If in Mali we are witnessing a social revolution with uncertain outcomes, other African countries may run the risk of serious social upheavals. For example in Sudan, where the secular revolution was carried out halfway or in Uganda where the population is tired of the "Father of the Nation", Yoweri Kaguta Museveni, who has been in power for 33 years. Museveni has just declared his intention to enter the fifth presidential term in 2021... The continuity of apartheid in the economic sector in South Africa and the failure to improve the conditions of the black masses are factors that, combined with the health crisis, create the risk of strong social unrest. Various North African countries are also at risk: the monarchical system in Morocco, the unfinished revolution in Tunisia, the generals' dictatorship in Algeria. In these countries there is also the risk of an extremist drift to the full advantage of radical Islam.
The pandemic is already having an impact on humanitarian assistance. For the most vulnerable populations, international support to limit the spread of the virus at an early stage will be vital, as well as improving the transparent orientation and communication of public health by public authorities.
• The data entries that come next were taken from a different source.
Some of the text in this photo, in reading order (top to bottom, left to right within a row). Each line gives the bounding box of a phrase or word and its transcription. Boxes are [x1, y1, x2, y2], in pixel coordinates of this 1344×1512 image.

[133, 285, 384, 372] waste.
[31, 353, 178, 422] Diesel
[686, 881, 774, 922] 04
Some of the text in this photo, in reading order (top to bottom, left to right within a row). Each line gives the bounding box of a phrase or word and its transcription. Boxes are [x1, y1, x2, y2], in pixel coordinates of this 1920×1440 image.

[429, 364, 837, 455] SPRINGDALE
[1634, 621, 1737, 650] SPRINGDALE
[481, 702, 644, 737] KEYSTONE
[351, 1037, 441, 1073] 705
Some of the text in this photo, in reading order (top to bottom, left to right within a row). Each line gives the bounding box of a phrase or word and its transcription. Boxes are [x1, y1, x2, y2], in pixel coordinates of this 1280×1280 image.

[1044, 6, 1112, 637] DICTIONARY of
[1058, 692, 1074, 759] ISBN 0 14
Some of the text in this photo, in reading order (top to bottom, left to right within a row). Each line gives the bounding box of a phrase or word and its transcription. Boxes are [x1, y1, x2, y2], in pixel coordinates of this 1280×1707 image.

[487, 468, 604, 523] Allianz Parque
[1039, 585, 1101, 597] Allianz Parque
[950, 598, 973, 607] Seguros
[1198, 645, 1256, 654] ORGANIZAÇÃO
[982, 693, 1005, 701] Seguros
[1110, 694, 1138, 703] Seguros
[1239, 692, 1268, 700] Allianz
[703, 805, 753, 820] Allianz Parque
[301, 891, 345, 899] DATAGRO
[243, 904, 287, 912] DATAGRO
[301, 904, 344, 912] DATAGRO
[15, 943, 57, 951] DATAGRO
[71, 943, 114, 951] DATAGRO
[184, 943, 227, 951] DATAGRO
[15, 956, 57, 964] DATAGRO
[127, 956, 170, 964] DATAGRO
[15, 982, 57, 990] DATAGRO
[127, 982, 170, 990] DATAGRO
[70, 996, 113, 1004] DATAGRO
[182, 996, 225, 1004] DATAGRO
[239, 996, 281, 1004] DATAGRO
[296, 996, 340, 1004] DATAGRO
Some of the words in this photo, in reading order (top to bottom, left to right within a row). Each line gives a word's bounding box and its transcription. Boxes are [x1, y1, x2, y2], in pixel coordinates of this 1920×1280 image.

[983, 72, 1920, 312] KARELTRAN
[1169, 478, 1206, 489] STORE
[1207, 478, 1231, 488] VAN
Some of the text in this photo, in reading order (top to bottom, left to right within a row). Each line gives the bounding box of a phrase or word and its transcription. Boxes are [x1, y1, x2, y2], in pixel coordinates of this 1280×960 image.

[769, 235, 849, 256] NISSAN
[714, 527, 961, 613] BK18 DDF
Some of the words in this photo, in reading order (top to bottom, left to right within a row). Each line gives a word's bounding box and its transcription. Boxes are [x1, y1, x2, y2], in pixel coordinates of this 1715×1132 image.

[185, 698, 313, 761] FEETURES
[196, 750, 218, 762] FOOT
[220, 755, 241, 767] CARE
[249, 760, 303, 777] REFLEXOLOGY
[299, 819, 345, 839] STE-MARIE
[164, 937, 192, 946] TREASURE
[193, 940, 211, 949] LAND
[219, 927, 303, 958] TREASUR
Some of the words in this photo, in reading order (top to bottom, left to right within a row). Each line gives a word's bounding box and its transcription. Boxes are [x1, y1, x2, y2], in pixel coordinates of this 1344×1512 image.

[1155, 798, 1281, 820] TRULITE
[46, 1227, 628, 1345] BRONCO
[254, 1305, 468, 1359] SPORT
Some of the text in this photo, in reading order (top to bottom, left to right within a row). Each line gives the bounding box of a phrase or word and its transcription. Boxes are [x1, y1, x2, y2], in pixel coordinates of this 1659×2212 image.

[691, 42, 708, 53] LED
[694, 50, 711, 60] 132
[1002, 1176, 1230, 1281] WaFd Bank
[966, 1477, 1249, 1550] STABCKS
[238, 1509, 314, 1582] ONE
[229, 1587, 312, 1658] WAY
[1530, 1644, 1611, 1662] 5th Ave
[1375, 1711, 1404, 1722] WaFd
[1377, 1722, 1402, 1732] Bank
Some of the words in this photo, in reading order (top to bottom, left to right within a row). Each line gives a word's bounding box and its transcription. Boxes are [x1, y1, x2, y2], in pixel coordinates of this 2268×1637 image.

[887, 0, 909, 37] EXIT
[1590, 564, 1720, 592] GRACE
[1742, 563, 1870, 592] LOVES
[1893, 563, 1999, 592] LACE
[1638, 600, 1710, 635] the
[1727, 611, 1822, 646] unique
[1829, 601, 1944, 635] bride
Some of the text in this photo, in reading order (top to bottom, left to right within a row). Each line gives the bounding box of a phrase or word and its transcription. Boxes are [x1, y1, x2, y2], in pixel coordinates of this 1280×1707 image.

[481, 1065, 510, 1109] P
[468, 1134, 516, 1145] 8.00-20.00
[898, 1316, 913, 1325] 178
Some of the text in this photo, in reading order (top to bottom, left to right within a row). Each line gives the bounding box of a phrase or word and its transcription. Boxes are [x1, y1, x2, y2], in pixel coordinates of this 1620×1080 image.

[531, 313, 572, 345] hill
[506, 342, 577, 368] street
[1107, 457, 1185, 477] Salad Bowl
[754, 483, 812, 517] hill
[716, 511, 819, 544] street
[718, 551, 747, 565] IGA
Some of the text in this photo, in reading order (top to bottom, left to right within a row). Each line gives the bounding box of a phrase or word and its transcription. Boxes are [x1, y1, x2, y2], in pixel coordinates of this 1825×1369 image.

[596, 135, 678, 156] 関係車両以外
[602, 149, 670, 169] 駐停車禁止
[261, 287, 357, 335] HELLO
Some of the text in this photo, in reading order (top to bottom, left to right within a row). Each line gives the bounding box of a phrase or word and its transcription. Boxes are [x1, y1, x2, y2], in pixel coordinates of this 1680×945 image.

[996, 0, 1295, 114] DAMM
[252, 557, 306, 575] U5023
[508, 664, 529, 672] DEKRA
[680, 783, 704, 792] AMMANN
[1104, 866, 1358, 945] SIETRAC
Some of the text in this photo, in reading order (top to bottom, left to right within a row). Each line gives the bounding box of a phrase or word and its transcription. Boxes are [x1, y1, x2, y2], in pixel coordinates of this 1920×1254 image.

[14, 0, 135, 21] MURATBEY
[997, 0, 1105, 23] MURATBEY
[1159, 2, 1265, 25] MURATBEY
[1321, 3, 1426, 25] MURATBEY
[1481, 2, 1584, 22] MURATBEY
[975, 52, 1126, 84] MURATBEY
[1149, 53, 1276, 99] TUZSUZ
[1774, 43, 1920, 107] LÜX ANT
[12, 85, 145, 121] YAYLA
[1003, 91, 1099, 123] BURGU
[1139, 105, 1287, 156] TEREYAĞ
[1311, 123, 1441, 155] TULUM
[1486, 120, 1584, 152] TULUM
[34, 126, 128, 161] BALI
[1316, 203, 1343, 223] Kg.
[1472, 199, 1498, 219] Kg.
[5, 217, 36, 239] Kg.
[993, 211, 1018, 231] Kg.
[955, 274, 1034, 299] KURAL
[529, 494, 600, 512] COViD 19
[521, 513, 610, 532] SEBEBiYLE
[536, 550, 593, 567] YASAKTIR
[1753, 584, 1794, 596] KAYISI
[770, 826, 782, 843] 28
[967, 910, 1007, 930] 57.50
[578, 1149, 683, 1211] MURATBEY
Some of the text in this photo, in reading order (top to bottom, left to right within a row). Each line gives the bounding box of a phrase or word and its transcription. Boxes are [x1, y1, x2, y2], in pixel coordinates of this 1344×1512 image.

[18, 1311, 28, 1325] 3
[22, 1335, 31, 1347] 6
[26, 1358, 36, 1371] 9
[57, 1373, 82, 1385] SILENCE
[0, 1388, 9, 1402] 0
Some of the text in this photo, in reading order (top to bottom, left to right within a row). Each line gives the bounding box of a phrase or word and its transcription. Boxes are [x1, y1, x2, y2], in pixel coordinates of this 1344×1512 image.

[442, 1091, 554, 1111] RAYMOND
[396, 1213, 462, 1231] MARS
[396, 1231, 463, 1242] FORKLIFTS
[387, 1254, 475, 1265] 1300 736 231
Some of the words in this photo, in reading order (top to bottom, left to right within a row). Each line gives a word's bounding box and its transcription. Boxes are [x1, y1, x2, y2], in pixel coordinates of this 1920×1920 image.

Unfortunately, few international NGOs are able to offer valuable help. Among them MSF and Medicus Mundi. In Italy only in CUAMM - Doctors for Africa is able to help African countries to fight the pandemic.
Almost all of the projects funded by the EU, USAID, UN agencies and AICS are in fact blocked or activities are slow. The majority of expats have fled Africa, giving an extremely negative signal to local populations. According to various African experts, the Covid19 pandemic will increase hostilities towards Western NGOs that are increasingly proving unable to face African development-oriented challenges, focusing on emergency and assistance.
This will add to the trend recorded in the last 5 years by the main western donors to progressively narrow the field of action of NGOs as the Chinese model has made the humanitarian sector "not convenient" to win the commercial and strategic war in Africa against Beijing. This trend of western donors is not declared for political convenience, but methodically implemented through the silent but deadly progressive decrease in funding for NGOs.